Closures in Python
From the newsgroup:
Q. I don’t understand why while a nested function perfectly matches the definition of closure, it is not closure simply because it is not used by external world.
Like so many other computing terms, the word “closure” is used in different ways by different people.
Strictly speaking, a closure is simply a function with free variables, where the bindings for all such variables are known in advance. Some early languages didn’t have “closed” functions; the bindings for free variables were left open, and was determined at runtime. And languages that had both “open” and “closed” functions needed some way to distinguish between the two, so people started referring to the latter as “closures”.

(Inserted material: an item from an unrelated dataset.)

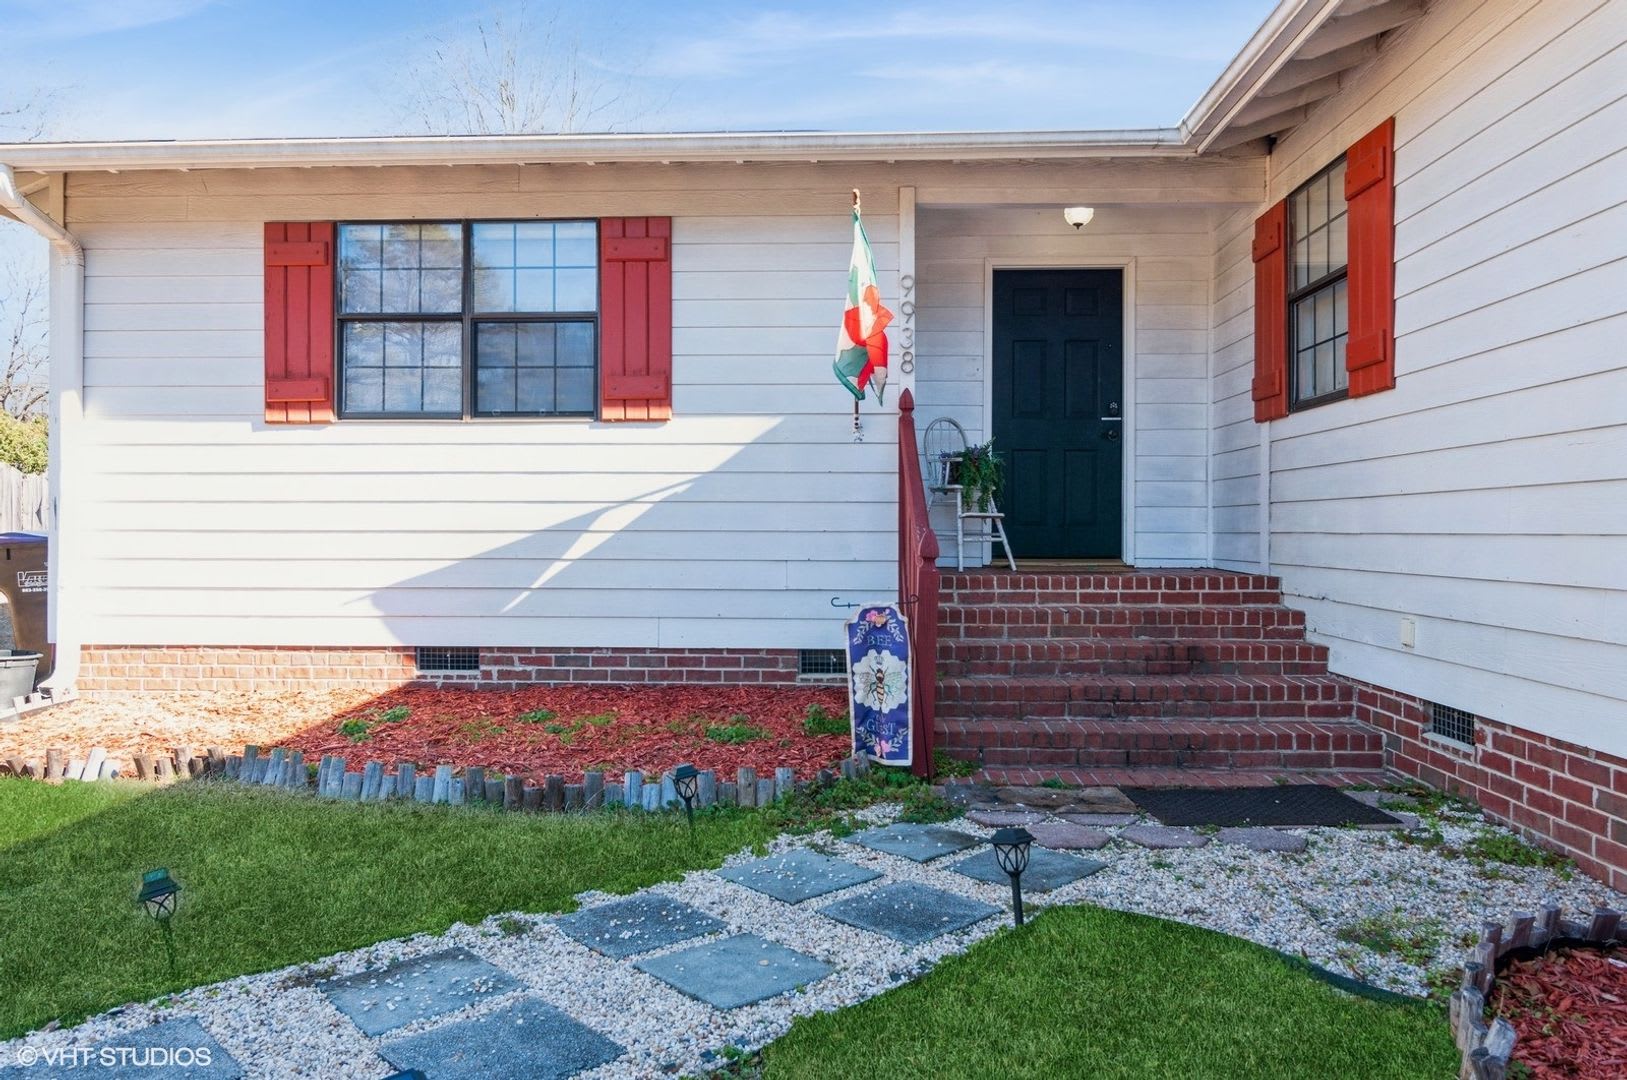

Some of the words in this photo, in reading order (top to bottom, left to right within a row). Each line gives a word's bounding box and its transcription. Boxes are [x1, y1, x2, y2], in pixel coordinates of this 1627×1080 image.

But in Python, as well as in most other modern languages, all functions are “closed” — i.e. there are no “open” free variables — so the use of the term has morphed from “a function for which all free variables have a known binding” to “a function that can refer to environments that are no longer active” (such as the local namespace of an outer function, even after that function has returned). And since that is somewhat difficult to implement, and programmers don’t like to hide things that are hard to implement, people still like to use the term to distinguish between closed functions of kind 1 and closed functions of kind 2. As in this [newsgroup] thread, they sometimes argue that when you’re using a closed function of kind 2 in a specific way, it’s not quite as much of a closure as when you use it in another way. Heck, some people even argue that languages that don’t support closed functions of kind 3 (a kind that Python currently doesn’t support) don’t really have closures at all.
But as a language user, you can actually forget about all this — all you need to know is that in Python, all functions are closed, and free variables bind to variable names in lexically nested outer scopes.